# Backhoe attachment for yt235?



## Yt235 (Mar 23, 2021)

Hi all. I’m looking for info on a backhoe attachment for my Yanmar YT235 tractor. 
Yanmar makes a attachment but they don’t sell it separately on their website. Is there a aftermarket unit that will work? Thanks. Erik from Maine


----------



## Groo (Jan 17, 2020)

I'm sure a dealer can get one for you. It could even be a dealer not real close drop shipping it to you. I am also pretty confident that Yanmar does not make their own implements. Is it maybe a Woods? I think their loaders are Woods.

You can also get a 3-point backhoe of the appropriate size. The YT235 is going to have a fairly small backhoe sized to it, so it might not be as useful as you are imagining. If for example, you get one with a 6' reach, you will be constantly be repositioning to dig a 4' deep whatever as their is only 1 point where it will dig 6' deep, and you get no digging done with out curling the bucket.. That was what I found when running a backhoe on a comparable sized machine on a Kubota L2550dt, I think with about a 7' reach from my memory. The reach didn't cut it do get even a small job done without multiple repositions, and then driving the machine around with the hoe hanging off the back is a real pain as well. Over the years, Dad blew out 3 cylinders backing into stuff, like a small hill, that you wouldn't think would be a problem.

Basically, really think about how often you will use it, then consider how many days of compact excavator rental the purchase price would get you.


----------



## Yt235 (Mar 23, 2021)

Groo said:


> I'm sure a dealer can get one for you. It could even be a dealer not real close drop shipping it to you. I am also pretty confident that Yanmar does not make their own implements. Is it maybe a Woods? I think their loaders are Woods.
> 
> You can also get a 3-point backhoe of the appropriate size. The YT235 is going to have a fairly small backhoe sized to it, so it might not be as useful as you are imagining. If for example, you get one with a 6' reach, you will be constantly be repositioning to dig a 4' deep whatever as their is only 1 point where it will dig 6' deep, and you get no digging done with out curling the bucket.. That was what I found when running a backhoe on a comparable sized machine on a Kubota L2550dt, I think with about a 7' reach from my memory. The reach didn't cut it do get even a small job done without multiple repositions, and then driving the machine around with the hoe hanging off the back is a real pain as well. Over the years, Dad blew out 3 cylinders backing into stuff, like a small hill, that you wouldn't think would be a problem.
> 
> Basically, really think about how often you will use it, then consider how many days of compact excavator rental the purchase price would get you.
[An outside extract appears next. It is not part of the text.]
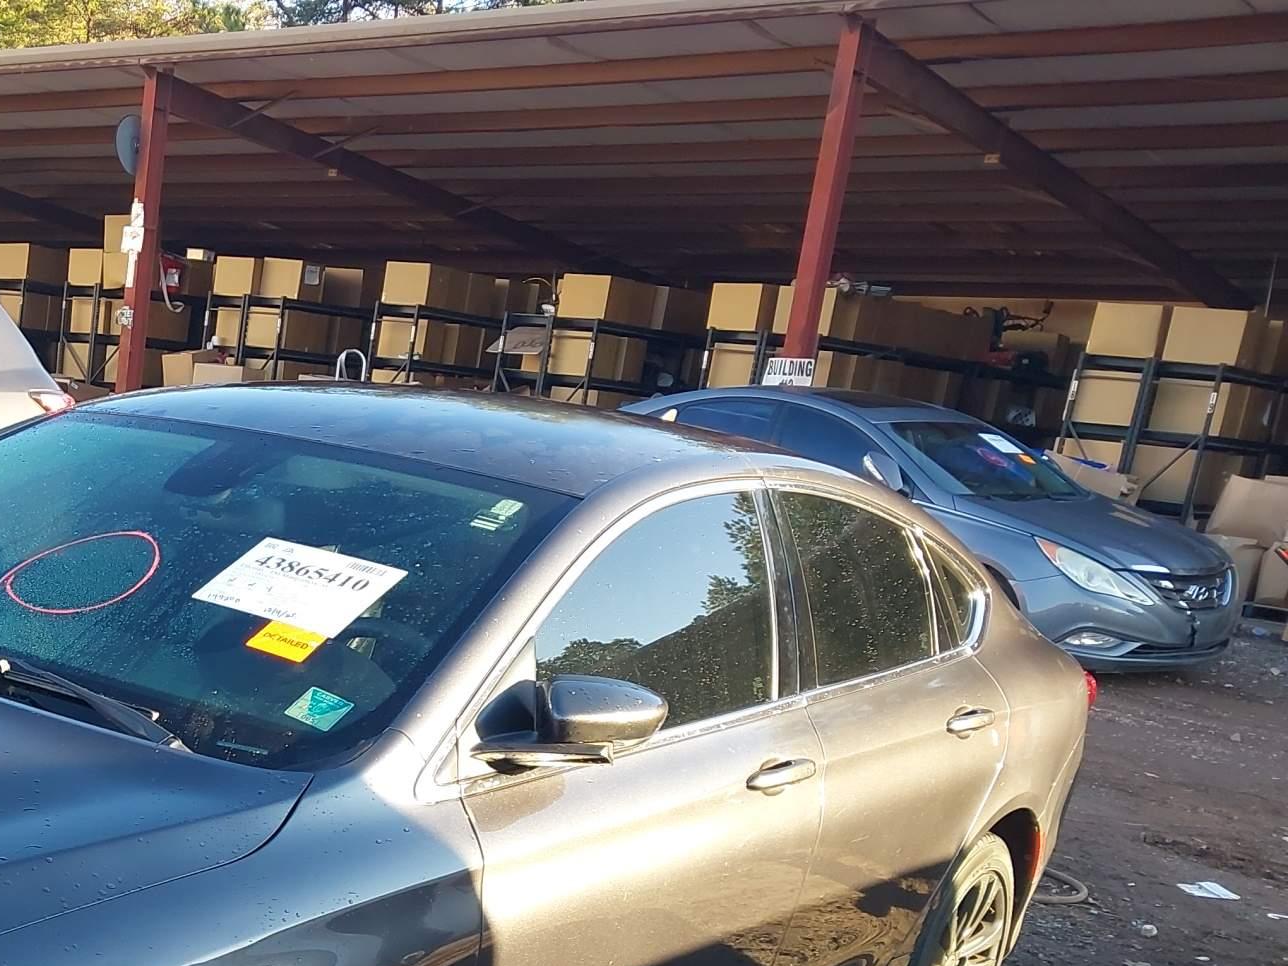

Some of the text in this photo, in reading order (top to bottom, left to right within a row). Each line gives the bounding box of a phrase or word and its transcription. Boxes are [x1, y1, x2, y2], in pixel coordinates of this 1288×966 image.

[767, 359, 812, 377] BUILDING
[254, 554, 370, 593] 43865410
[262, 631, 309, 650] DETAILED
Thank you for the reply. I’m only using it to dig up some bamboo roots and a little landscaping once in a while. So basically light duty stuff. I just like having the attachments on hand when I need them.


----------



## Groo (Jan 17, 2020)

Fair enough. Sounds like a decent use for a small backhoe. They also work good as a variable ballast for heavy stuff in the loader that isn't balanced. 
They are also great for pulling yourself our of a mud pit.


----------



## DK35vince (Jan 22, 2006)

I recommend a backhoe with a subframe (not a 3 point hoe) my opinion.
I have a similar sized tractor (35 HP) and I run an 8 1/2' backhoe on it ( with subframe, 8 1/2' digging depth, 11' reach)
I have always been pleased with the power/performance of my tractor mounted backhoe


----------



## Groo (Jan 17, 2020)

DK35vince said:


> I recommend a backhoe with a subframe (not a 3 point hoe) my opinion.
> I have a similar sized tractor (35 HP) and I run an 8 1/2' backhoe on it ( with subframe, 8 1/2' digging depth, 11' reach)
> I have always been pleased with the power/performance of my tractor mounted backhoe


the subframe suggests you are tied tot he OEM option. 3 point opens up the options. I think it is only the aluminum Kubotas where I would completely write-off the 3-point hoes. In general, if the back end isn't strong enough for a 3 point hoe, I would also wonder about other 3-point accessories.

Dad got his 3-point hoe something like 35 years ago. Failures have been limited to the "back-up and blow" cylinder, and I believe just recently the swing cylinders got worn out. Never the slightest problem with the back end of the Iron Kubota.


----------



## willy81 (Jan 30, 2020)

have you seen this one? Yanmar Power Beyond Kit for YT2-Series Tractors

Wm Smith


----------



## willy81 (Jan 30, 2020)

have you seen this:






Yanmar Power Beyond Kit for YT2-Series Tractors


Yanmar,YT2-Series,YT235,YT235C,Part No. PBK75A-YT2P,power beyond kit,power beyond loop,power beyond hydraulic,rear hydraulics,pbo kit,pbo loop,pbo hydraulics,backhoe,hydraulic control, Fits Yanmar B75 Backhoe - Made by Woods Manufacturing




www.durattach.com





Wm Smith


----------



## Groo (Jan 17, 2020)

William Smith said:


> have you seen this one? Yanmar Power Beyond Kit for YT2-Series Tractors
> 
> Wm Smith


"Fits Yanmar B75 Backhoe - Made by Woods Manufacturing"
Guess I was right on that one. 


https://www.tractorhouse.com/listings/farm-equipment/for-sale/list/category/1147/other-equipment-loaders/manufacturer/woods/model/bh75


----------



## bennyhill (Feb 19, 2021)

Wondered if you found one yet.
If not check out Cold Water front loaders. I have heard all good about them, price and we'll built


----------